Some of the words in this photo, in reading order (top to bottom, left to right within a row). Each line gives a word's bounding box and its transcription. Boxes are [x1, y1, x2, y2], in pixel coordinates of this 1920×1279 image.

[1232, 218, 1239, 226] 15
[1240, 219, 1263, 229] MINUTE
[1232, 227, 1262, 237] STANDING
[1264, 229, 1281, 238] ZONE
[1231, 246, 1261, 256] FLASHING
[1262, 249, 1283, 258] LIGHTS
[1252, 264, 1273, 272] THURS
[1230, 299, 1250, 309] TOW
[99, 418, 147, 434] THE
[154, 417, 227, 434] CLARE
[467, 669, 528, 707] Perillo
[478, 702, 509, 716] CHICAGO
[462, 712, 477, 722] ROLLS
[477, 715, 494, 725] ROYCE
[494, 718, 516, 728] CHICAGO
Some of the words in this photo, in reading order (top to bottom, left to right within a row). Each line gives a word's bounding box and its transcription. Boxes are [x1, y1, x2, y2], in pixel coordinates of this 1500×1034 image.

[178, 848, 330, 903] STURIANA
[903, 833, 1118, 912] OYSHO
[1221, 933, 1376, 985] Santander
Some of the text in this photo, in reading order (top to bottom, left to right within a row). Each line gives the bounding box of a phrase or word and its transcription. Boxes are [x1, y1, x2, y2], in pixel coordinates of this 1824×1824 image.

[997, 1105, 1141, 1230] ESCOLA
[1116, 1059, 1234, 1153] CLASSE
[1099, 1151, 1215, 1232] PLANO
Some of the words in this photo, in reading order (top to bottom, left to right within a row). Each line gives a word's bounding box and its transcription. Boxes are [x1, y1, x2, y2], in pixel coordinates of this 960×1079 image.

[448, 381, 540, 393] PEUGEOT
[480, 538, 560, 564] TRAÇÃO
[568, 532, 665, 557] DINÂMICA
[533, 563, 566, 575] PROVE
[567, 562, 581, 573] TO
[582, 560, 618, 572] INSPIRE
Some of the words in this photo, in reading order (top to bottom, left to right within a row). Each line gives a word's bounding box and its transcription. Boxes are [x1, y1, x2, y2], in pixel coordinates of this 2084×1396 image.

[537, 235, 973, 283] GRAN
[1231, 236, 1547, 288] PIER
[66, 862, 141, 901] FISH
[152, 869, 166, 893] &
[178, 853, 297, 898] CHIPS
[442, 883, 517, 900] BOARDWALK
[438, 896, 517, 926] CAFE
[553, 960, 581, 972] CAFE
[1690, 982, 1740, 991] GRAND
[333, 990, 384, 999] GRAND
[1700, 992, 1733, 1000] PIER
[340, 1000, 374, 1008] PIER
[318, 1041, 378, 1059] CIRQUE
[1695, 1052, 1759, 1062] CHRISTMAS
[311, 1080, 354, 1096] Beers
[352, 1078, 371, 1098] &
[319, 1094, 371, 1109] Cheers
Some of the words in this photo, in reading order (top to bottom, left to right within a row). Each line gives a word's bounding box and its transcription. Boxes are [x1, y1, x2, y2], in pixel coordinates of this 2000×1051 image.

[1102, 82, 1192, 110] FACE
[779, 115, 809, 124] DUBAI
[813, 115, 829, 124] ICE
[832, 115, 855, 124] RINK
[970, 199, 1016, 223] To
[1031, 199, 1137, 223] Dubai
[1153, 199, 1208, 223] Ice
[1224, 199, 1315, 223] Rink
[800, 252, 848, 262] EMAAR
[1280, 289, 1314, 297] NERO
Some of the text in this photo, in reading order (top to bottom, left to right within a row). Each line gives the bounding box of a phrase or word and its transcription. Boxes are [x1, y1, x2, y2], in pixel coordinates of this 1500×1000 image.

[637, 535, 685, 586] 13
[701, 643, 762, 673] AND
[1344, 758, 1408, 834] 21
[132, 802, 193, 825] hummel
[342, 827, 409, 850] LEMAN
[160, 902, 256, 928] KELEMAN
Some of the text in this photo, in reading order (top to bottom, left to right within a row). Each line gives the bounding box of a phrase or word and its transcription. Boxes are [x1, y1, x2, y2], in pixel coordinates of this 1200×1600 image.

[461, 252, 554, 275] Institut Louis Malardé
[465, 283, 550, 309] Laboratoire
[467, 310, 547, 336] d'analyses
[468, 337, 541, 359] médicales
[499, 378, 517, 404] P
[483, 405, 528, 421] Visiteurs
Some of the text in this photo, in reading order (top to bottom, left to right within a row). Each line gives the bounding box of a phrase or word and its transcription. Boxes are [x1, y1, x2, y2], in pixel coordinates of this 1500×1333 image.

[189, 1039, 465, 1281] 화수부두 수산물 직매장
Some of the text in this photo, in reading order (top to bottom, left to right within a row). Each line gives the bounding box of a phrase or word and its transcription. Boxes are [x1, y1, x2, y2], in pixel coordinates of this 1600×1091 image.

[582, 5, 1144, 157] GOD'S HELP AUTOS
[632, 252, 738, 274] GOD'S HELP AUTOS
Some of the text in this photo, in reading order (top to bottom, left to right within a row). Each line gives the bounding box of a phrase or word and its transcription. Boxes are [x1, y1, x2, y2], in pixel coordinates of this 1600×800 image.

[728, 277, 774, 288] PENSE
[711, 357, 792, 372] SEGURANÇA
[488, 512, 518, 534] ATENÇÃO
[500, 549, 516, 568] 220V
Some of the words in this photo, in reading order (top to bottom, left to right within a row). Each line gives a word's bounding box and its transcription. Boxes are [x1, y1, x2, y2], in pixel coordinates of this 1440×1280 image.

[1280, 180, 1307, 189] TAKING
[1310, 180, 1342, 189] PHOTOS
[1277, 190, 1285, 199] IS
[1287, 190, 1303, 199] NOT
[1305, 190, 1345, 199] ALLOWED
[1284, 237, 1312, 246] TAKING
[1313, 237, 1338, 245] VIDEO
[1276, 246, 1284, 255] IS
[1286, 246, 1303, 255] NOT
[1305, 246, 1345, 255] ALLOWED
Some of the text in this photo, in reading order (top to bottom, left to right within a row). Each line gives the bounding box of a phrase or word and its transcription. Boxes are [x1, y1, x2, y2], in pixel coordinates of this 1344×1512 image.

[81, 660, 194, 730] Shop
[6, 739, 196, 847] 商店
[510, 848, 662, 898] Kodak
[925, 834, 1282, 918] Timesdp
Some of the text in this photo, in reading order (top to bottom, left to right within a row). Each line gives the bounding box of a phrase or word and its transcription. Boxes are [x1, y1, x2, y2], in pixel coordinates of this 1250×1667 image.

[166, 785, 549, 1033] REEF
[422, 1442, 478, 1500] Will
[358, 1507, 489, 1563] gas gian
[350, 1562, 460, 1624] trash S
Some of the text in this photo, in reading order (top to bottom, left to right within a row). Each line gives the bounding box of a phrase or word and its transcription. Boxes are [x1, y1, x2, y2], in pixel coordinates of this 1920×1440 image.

=-=-=

REQUIRED ACTION: Please set down each of the entries above exactly as given.

YOUR SOLUTION:
Some of the words in this photo, in reading order (top to bottom, left to right within a row). Each line gives a word's bounding box and its transcription. Boxes are [x1, y1, x2, y2], in pixel coordinates of this 1920×1279 image.

[1232, 218, 1239, 226] 15
[1240, 219, 1263, 229] MINUTE
[1232, 227, 1262, 237] STANDING
[1264, 229, 1281, 238] ZONE
[1231, 246, 1261, 256] FLASHING
[1262, 249, 1283, 258] LIGHTS
[1252, 264, 1273, 272] THURS
[1230, 299, 1250, 309] TOW
[99, 418, 147, 434] THE
[154, 417, 227, 434] CLARE
[467, 669, 528, 707] Perillo
[478, 702, 509, 716] CHICAGO
[462, 712, 477, 722] ROLLS
[477, 715, 494, 725] ROYCE
[494, 718, 516, 728] CHICAGO
Some of the words in this photo, in reading order (top to bottom, left to right within a row). Each line gives a word's bounding box and its transcription. Boxes are [x1, y1, x2, y2], in pixel coordinates of this 1500×1034 image.

[178, 848, 330, 903] STURIANA
[903, 833, 1118, 912] OYSHO
[1221, 933, 1376, 985] Santander
Some of the text in this photo, in reading order (top to bottom, left to right within a row). Each line gives the bounding box of a phrase or word and its transcription. Boxes are [x1, y1, x2, y2], in pixel coordinates of this 1824×1824 image.

[997, 1105, 1141, 1230] ESCOLA
[1116, 1059, 1234, 1153] CLASSE
[1099, 1151, 1215, 1232] PLANO
Some of the words in this photo, in reading order (top to bottom, left to right within a row). Each line gives a word's bounding box and its transcription. Boxes are [x1, y1, x2, y2], in pixel coordinates of this 960×1079 image.

[448, 381, 540, 393] PEUGEOT
[480, 538, 560, 564] TRAÇÃO
[568, 532, 665, 557] DINÂMICA
[533, 563, 566, 575] PROVE
[567, 562, 581, 573] TO
[582, 560, 618, 572] INSPIRE
Some of the words in this photo, in reading order (top to bottom, left to right within a row). Each line gives a word's bounding box and its transcription. Boxes are [x1, y1, x2, y2], in pixel coordinates of this 2084×1396 image.

[537, 235, 973, 283] GRAN
[1231, 236, 1547, 288] PIER
[66, 862, 141, 901] FISH
[152, 869, 166, 893] &
[178, 853, 297, 898] CHIPS
[442, 883, 517, 900] BOARDWALK
[438, 896, 517, 926] CAFE
[553, 960, 581, 972] CAFE
[1690, 982, 1740, 991] GRAND
[333, 990, 384, 999] GRAND
[1700, 992, 1733, 1000] PIER
[340, 1000, 374, 1008] PIER
[318, 1041, 378, 1059] CIRQUE
[1695, 1052, 1759, 1062] CHRISTMAS
[311, 1080, 354, 1096] Beers
[352, 1078, 371, 1098] &
[319, 1094, 371, 1109] Cheers
Some of the words in this photo, in reading order (top to bottom, left to right within a row). Each line gives a word's bounding box and its transcription. Boxes are [x1, y1, x2, y2], in pixel coordinates of this 2000×1051 image.

[1102, 82, 1192, 110] FACE
[779, 115, 809, 124] DUBAI
[813, 115, 829, 124] ICE
[832, 115, 855, 124] RINK
[970, 199, 1016, 223] To
[1031, 199, 1137, 223] Dubai
[1153, 199, 1208, 223] Ice
[1224, 199, 1315, 223] Rink
[800, 252, 848, 262] EMAAR
[1280, 289, 1314, 297] NERO
Some of the text in this photo, in reading order (top to bottom, left to right within a row). Each line gives the bounding box of a phrase or word and its transcription. Boxes are [x1, y1, x2, y2], in pixel coordinates of this 1500×1000 image.

[637, 535, 685, 586] 13
[701, 643, 762, 673] AND
[1344, 758, 1408, 834] 21
[132, 802, 193, 825] hummel
[342, 827, 409, 850] LEMAN
[160, 902, 256, 928] KELEMAN
Some of the text in this photo, in reading order (top to bottom, left to right within a row). Each line gives the bounding box of a phrase or word and its transcription. Boxes are [x1, y1, x2, y2], in pixel coordinates of this 1200×1600 image.

[461, 252, 554, 275] Institut Louis Malardé
[465, 283, 550, 309] Laboratoire
[467, 310, 547, 336] d'analyses
[468, 337, 541, 359] médicales
[499, 378, 517, 404] P
[483, 405, 528, 421] Visiteurs
Some of the text in this photo, in reading order (top to bottom, left to right within a row). Each line gives the bounding box of a phrase or word and its transcription. Boxes are [x1, y1, x2, y2], in pixel coordinates of this 1500×1333 image.

[189, 1039, 465, 1281] 화수부두 수산물 직매장
Some of the text in this photo, in reading order (top to bottom, left to right within a row). Each line gives the bounding box of a phrase or word and its transcription. Boxes are [x1, y1, x2, y2], in pixel coordinates of this 1600×1091 image.

[582, 5, 1144, 157] GOD'S HELP AUTOS
[632, 252, 738, 274] GOD'S HELP AUTOS
Some of the text in this photo, in reading order (top to bottom, left to right within a row). Each line gives the bounding box of a phrase or word and its transcription. Boxes are [x1, y1, x2, y2], in pixel coordinates of this 1600×800 image.

[728, 277, 774, 288] PENSE
[711, 357, 792, 372] SEGURANÇA
[488, 512, 518, 534] ATENÇÃO
[500, 549, 516, 568] 220V
Some of the words in this photo, in reading order (top to bottom, left to right within a row). Each line gives a word's bounding box and its transcription. Boxes are [x1, y1, x2, y2], in pixel coordinates of this 1440×1280 image.

[1280, 180, 1307, 189] TAKING
[1310, 180, 1342, 189] PHOTOS
[1277, 190, 1285, 199] IS
[1287, 190, 1303, 199] NOT
[1305, 190, 1345, 199] ALLOWED
[1284, 237, 1312, 246] TAKING
[1313, 237, 1338, 245] VIDEO
[1276, 246, 1284, 255] IS
[1286, 246, 1303, 255] NOT
[1305, 246, 1345, 255] ALLOWED
Some of the text in this photo, in reading order (top to bottom, left to right within a row). Each line gives the bounding box of a phrase or word and its transcription. Boxes are [x1, y1, x2, y2], in pixel coordinates of this 1344×1512 image.

[81, 660, 194, 730] Shop
[6, 739, 196, 847] 商店
[510, 848, 662, 898] Kodak
[925, 834, 1282, 918] Timesdp
Some of the text in this photo, in reading order (top to bottom, left to right within a row). Each line gives the bounding box of a phrase or word and its transcription. Boxes are [x1, y1, x2, y2], in pixel coordinates of this 1250×1667 image.

[166, 785, 549, 1033] REEF
[422, 1442, 478, 1500] Will
[358, 1507, 489, 1563] gas gian
[350, 1562, 460, 1624] trash S
Some of the text in this photo, in reading order (top to bottom, left to right within a row). Each line gives the bounding box of a phrase or word and its transcription. Boxes are [x1, y1, x2, y2], in pixel coordinates of this 1920×1440 image.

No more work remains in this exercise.